Non mi dilungherò in dati olfattivi o in disquisizioni sui millesimi, dico solo che per capire perché un vino può arrivare a costare tanto c’è solo una cosa da fare: assaggiarlo.
Io ad esempio ho scoperto una tridimensionalità dell’aroma (i puristi mi perdonino se non uso i termini tecnicamente appropriati) che non immaginavo. Non c’è un profumo solo, ce ne sono diversi tutti ben distinti. E poi il gusto tondo, la perfetta persistenza in bocca.
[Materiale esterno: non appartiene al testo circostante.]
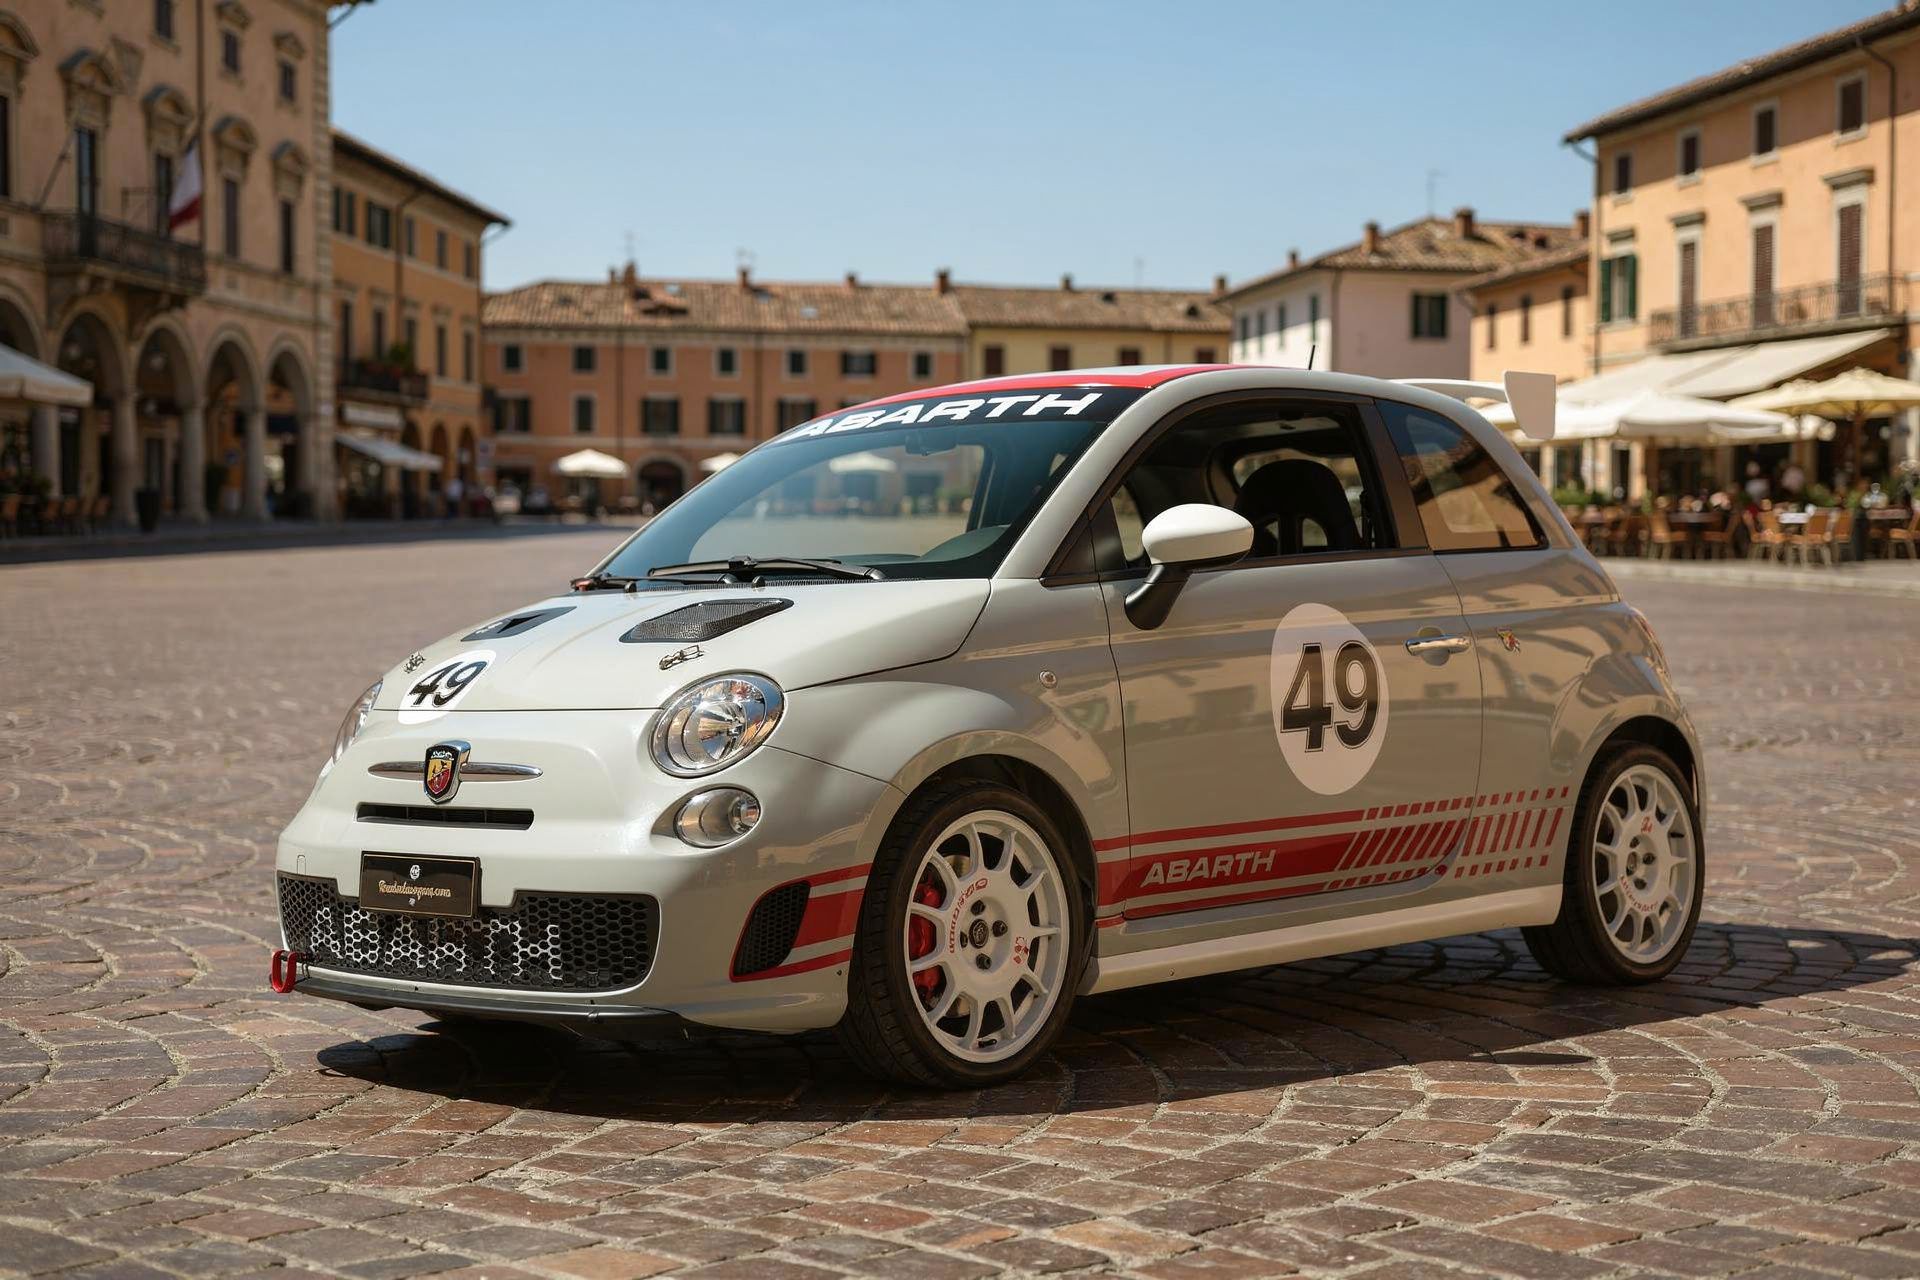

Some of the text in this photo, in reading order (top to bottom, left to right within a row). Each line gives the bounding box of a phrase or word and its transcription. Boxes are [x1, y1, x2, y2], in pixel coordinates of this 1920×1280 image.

[774, 393, 1103, 442] ABARTH
[408, 660, 489, 707] 49
[1280, 640, 1380, 753] 49
[1139, 849, 1276, 888] ABARTH
Sontuoso ma non pesante, immenso ma non ingombrante.
Un’opera d’arte, credetemi.

  

2 Comments

  1. marid@
    Gen 12, 2013 @ 16:10:56

    L’ho bevuto una sola volta, anni fa, ancora mi ricordo il suo profumo !!!

  2. E al cospetto del re Sassicaia ci finimmo davvero | Gery Palazzotto
    Apr 17, 2014 @ 19:51:07

    […] scorso anno scrissi di una bottiglia di Sassicaia che mia moglie mi aveva regalato e delle magie legate a quel vino. L’indomani mi […]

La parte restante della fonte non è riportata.